CHemotherapy and Stool Transplant in PDAC (CHASe-PDAC)

Launched by JOHN LENEHAN · Apr 29, 2024

Keywords

ClinConnect Summary

The CHASe-PDAC trial is researching a new treatment approach for patients with advanced pancreatic cancer that cannot be surgically removed or has spread to other parts of the body. This study is testing the safety of combining a treatment called fecal microbiota transplantation (FMT)—which involves receiving beneficial bacteria from healthy stool samples—with standard chemotherapy drugs, gemcitabine and nab-paclitaxel. The goal is to see if this combination can improve treatment outcomes for patients.

To be eligible for this trial, participants must be 18 years or older and have a confirmed diagnosis of unresectable or metastatic pancreatic ductal adenocarcinoma. They should be in good enough overall health, as measured by a specific performance scale, and must be willing to undergo the chemotherapy treatment. Participants will need to take the FMT capsules, understand the risks involved, and be open to additional localized therapies if needed. It’s important to note that certain conditions, such as ongoing infections or severe health issues, may prevent someone from participating in this trial. Throughout the study, participants will receive careful monitoring and support from the medical team.

Gender

ALL

Eligibility criteria

• Inclusion Criteria:
• • Patients must be 18-years old or older
• • Patients must have a confirmed diagnosis of unresectable or metastatic pancreatic ductal adenocarcinoma. Diagnosis confirmation may include pathologic assessment or radiographic/biomarker determination of PDAC when obtaining a tumour sample is not feasible/successful. The latter case requires review at the Pancreas Multi-disciplinary Case Conference (MCC)
• • Patients with ECOG performance of 0-2
• • Patients who have consented to treatment with first-line gemcitabine with nab-paclitaxel at the discretion of their primary oncologist. Patients must receive at least one dose of both chemotherapy agents to be considered eligible for evaluation.
• • Patients must be able to provide written informed consent and understand the infectious risks associated with FMT administration
• • Patients must understand that there are non-infectious risks associated with FMT administration
• • Ability to ingest capsules
• • Understand that data regarding the long-term safety risk of FMT are lacking
• • Have evaluable disease as per RECIST version 1.1
• • Patients may receive other localized therapies with palliative intent while on therapy to include external beam radiation to areas of metastatic disease.
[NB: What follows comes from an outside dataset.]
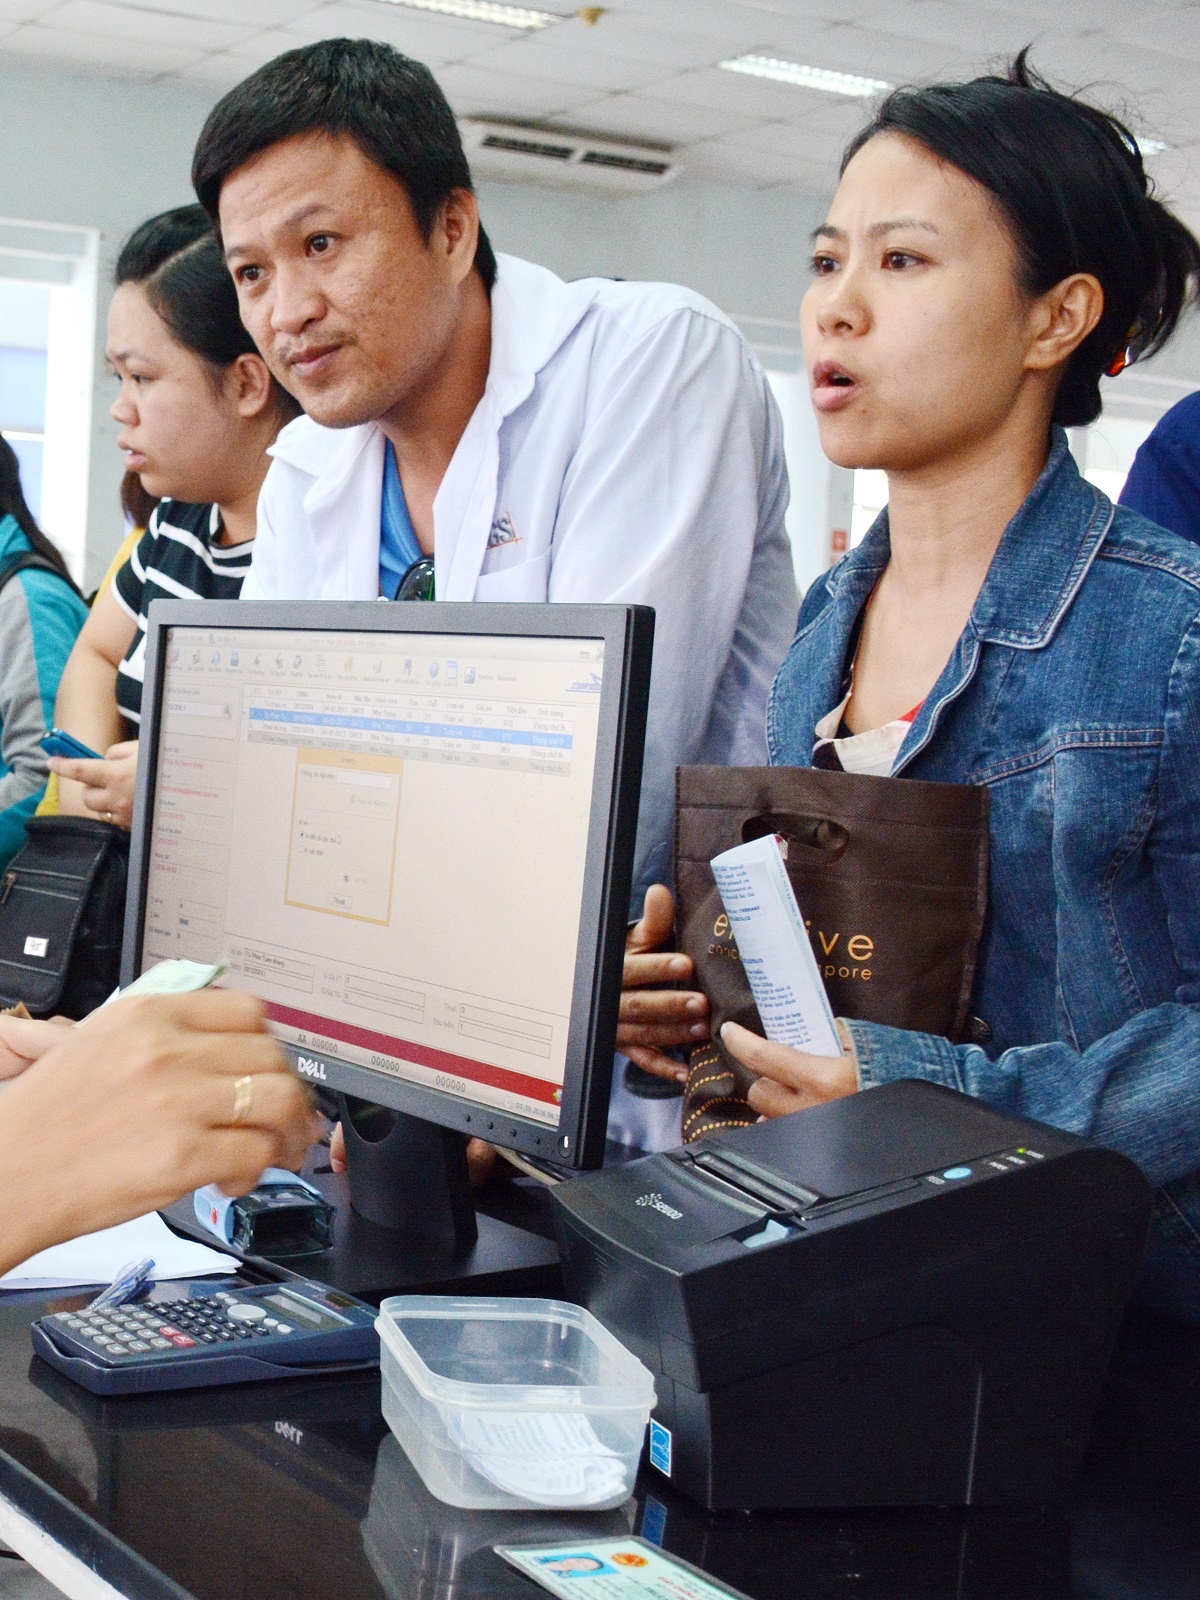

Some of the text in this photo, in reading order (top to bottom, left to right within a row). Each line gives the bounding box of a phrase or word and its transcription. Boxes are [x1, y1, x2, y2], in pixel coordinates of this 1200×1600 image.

Stratification of outcomes will include identifying patients that receive palliative radiation to the primary tumour itself.
• Exclusion Criteria:
• • Previously received cytotoxic chemotherapy with curative or non-curative intent for PDAC
• • Pregnant or breastfeeding, or expecting to conceive or father children within the projected duration of the trial, starting with the pre-screening or screening visit
• • Has a diagnosis of immunodeficiency (e.g. HIV, organ transplantation)
• • Ongoing use of antibiotics or previous use of antibiotics within 7 days prior to the FMT procedure
• • Probiotic supplements and food products labeled as containing probiotics must be discontinued a minimum of 72 hours before FMT administration and are not permitted during the first 3 months of chemotherapy treatment
• • Presence of a chronic intestinal disease (e.g. Celiac, malabsorption, primary colonic tumor)
• • Presence of absolute contra-indications to FMT administration
• • Toxic megacolon
• • Severe dietary allergies (e.g. shellfish, nuts, seafood)
• • Inflammatory bowel disease
• • Has serious concomitant illnesses, such as: cardiovascular disease (uncontrolled congestive heart failure, uncontrolled hypertension, cardiac ischemia, myocardial infarction, and severe cardiac arrhythmia), bleeding disorders, autoimmune diseases, severe obstructive or restrictive pulmonary diseases, active systemic infections, and inflammatory bowel disorders
• • This includes HIV or AIDS-related illness, or active HBV and HCV
• • Has an active infection requiring systemic therapy
• • Patient has received a live vaccine within 4 weeks prior to the first dose of treatment
• • Note: Seasonal influenza vaccines for injection are generally inactivated flu vaccines and are allowed; however intranasal influenza vaccines (e.g., Flu-Mist®) are live attenuated vaccines, and are not allowed.
• • Has known psychiatric or substance abuse disorders that would interfere with cooperation with the requirements of the trial
• • Special considerations include patients who are unable to tolerate the combination of gemcitabine with nab-paclitaxel, and subsequently after starting chemotherapy are transitioned to gemcitabine alone at the discretion of their treating oncologist. Such patients will not be removed or disqualified from continuing in the study but their clinical outcomes will be stratified between those who received nab-paclitaxel with gemcitabine and those who transitioned to gemcitabine alone. In general, this scenario is not expected to commonly occur in this trial.